• _EXERCISE_
Down to the last line, repeat the entries exactly and drop any image.

• _INPUT DATA_
----

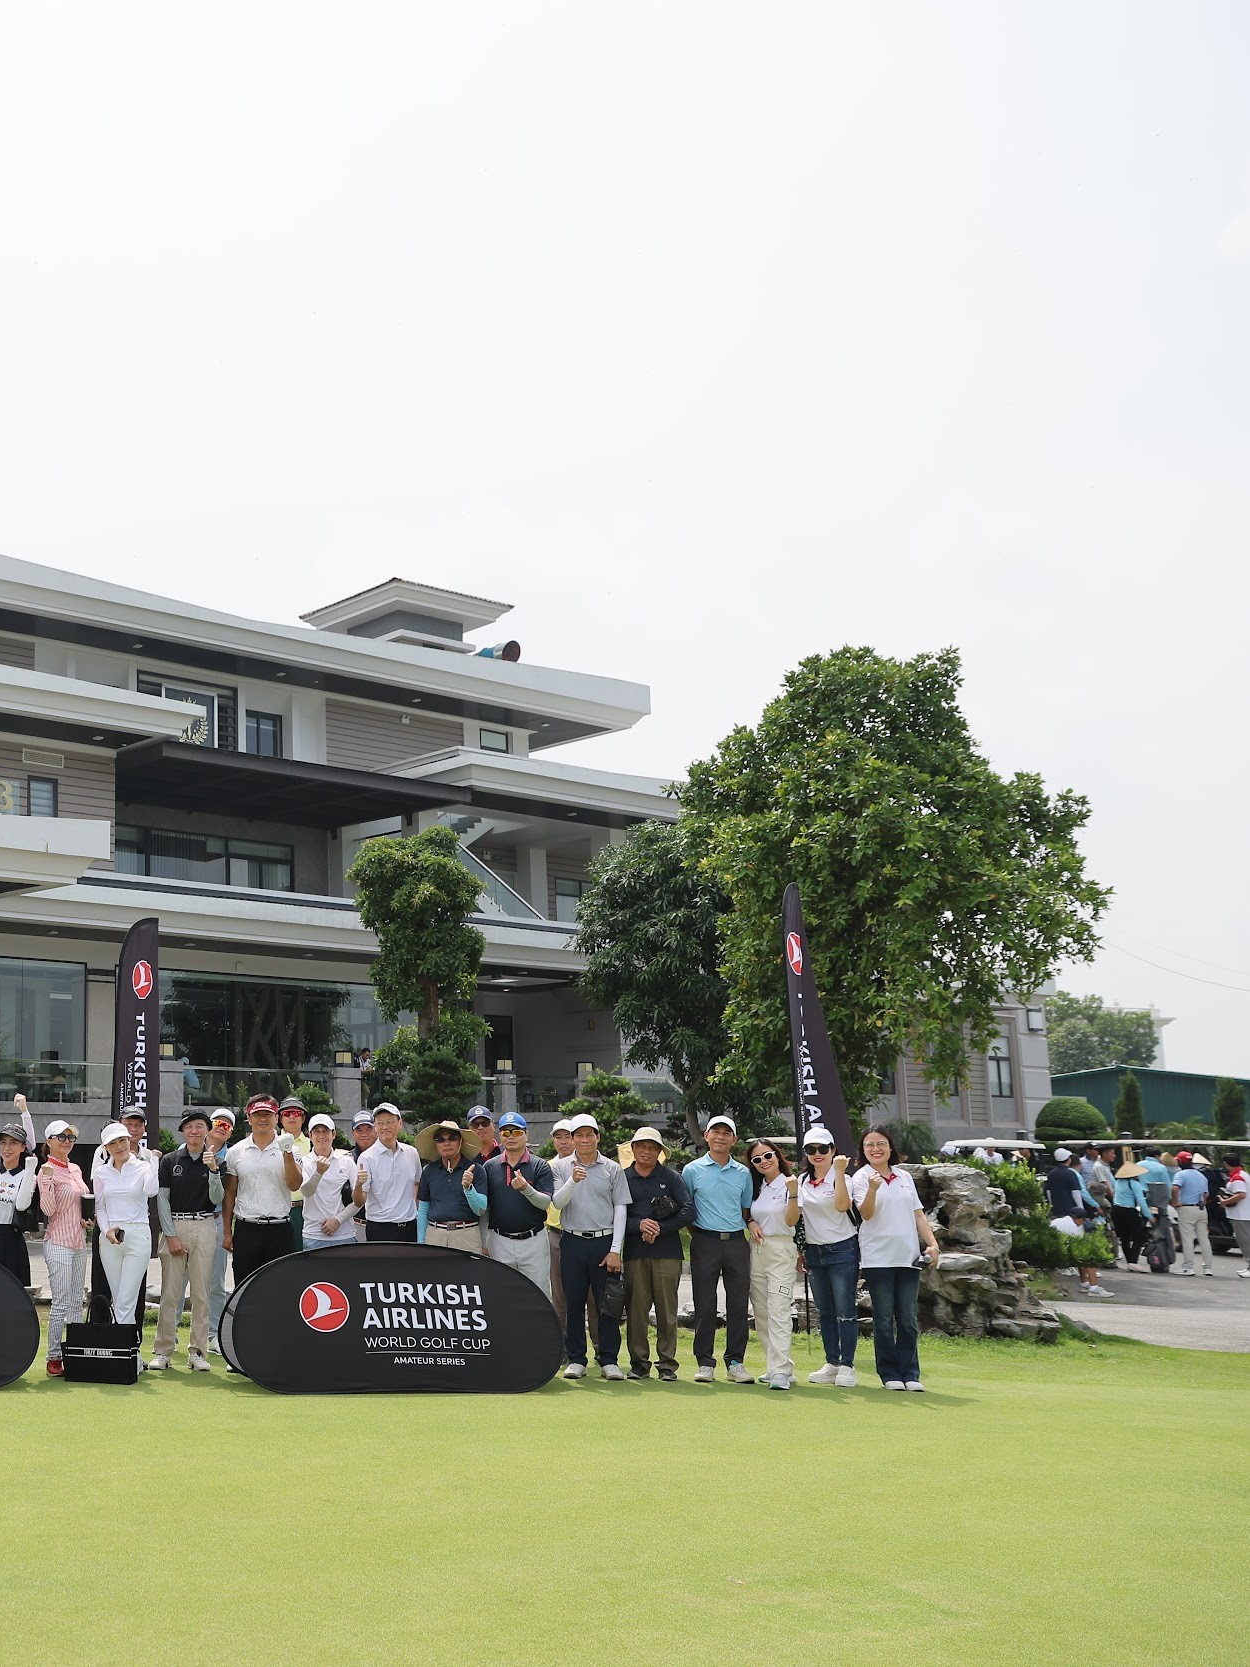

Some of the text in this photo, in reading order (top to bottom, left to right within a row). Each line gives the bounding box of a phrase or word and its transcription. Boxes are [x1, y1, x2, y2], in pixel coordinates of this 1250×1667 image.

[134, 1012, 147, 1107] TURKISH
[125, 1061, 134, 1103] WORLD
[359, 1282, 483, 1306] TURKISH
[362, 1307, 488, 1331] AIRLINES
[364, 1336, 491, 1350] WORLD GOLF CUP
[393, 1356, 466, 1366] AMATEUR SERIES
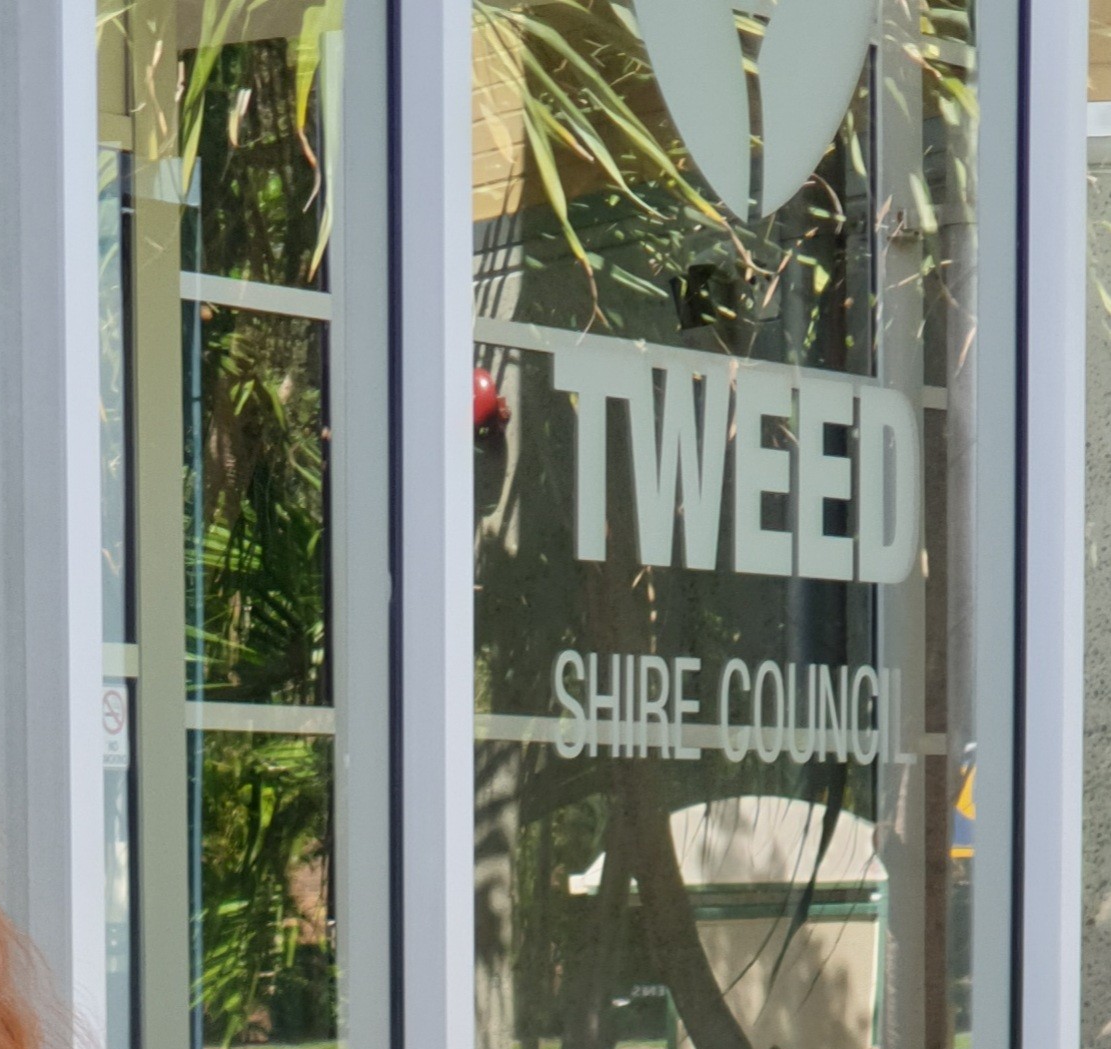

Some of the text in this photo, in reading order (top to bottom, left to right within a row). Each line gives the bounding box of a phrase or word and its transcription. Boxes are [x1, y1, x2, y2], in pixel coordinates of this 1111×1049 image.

----

• _EXPECTED ANSWER_
Some of the text in this photo, in reading order (top to bottom, left to right within a row). Each line gives the bounding box of a phrase or word and its transcription. Boxes are [x1, y1, x2, y2], in pixel coordinates of this 1250×1667 image.

[134, 1012, 147, 1107] TURKISH
[125, 1061, 134, 1103] WORLD
[359, 1282, 483, 1306] TURKISH
[362, 1307, 488, 1331] AIRLINES
[364, 1336, 491, 1350] WORLD GOLF CUP
[393, 1356, 466, 1366] AMATEUR SERIES

Some of the text in this photo, in reading order (top to bottom, left to right within a row). Each line gives the bounding box of a phrase or word and its transcription. Boxes are [x1, y1, x2, y2], in pixel coordinates of this 1111×1049 image.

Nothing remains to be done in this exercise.